Financial Ombudsman Service chief executive Caroline Wayman has hit out at the “outrageous” uphold rates from complaints against insurers.

Speaking to the Treasury select committee yesterday, Wayman said it was wrong the FOS upheld complaints against insurers in half of cases even after firms have had the chance to put it right.

Wayman, who took the helm at the FOS in July, also said she was working hard to improve the reputation of the organisation with advisers.

She said: “Not that long ago I was at an event where an insurer was saying it is outrageous because half the cases are found for us so that means in half the cases the claims are frivolous. No, it means that we found in their favour by the time it came to us.

“I actually think it is a little bit outrageous that in a market where nothing much is happening then still in half the cases we are needing to say ‘you have done that wrong’ even after they have had the chance to put it right.

“People use the phrase ‘vexatious’, and this happens in payment protection insurance too, when what they mean is someone saying something has gone wrong and the business doesn’t agree. That is not the same as vexatious.”

She added: “For a case to be frivolous and vexatious is a pretty high bar. It is not that you don’t win, it’s that you just don’t have a case and the courts have a similar test.”

Wayman was also quizzed by TSC member and Conservative MP Mark Garnier over how the FOS is negatively seen by advisers.

When asked if it worried her, Wayman said: “Yes, because I would prefer for them not to be feeling like that and to have satisfaction.
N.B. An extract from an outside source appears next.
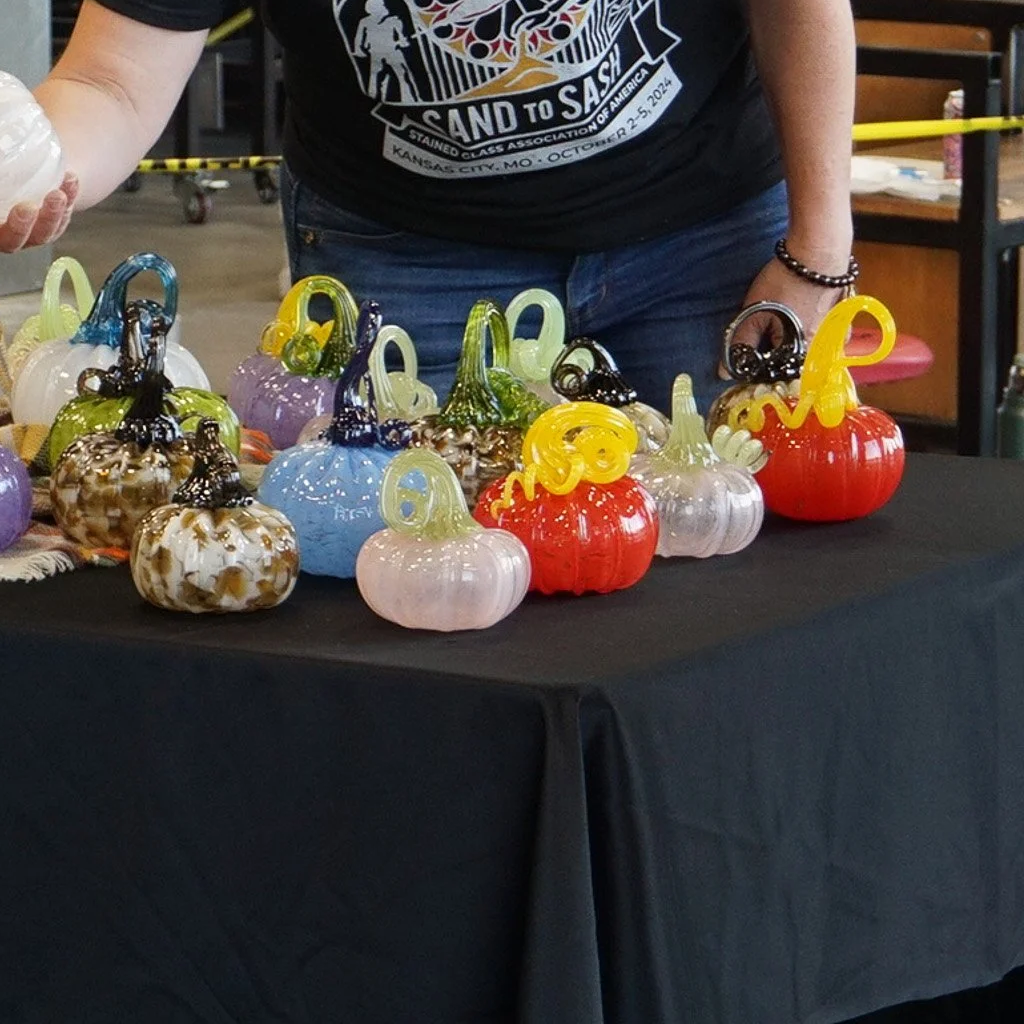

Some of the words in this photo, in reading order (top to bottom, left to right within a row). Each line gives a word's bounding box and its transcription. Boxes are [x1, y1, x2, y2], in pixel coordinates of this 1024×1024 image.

I understand some of the reasons for that and we have done various things to try and deal with it.

“There are concerns about the cost of regulation and the cost of bringing cases to us so we have increased the number of free cases to 25. It costs £550 and it used to be three so that lifts the vast majority of small businesses out of paying for cases.”

Wayman highlighted FOS roadshows where advisers could meet ombudsmen and ask them questions as an example of engagement.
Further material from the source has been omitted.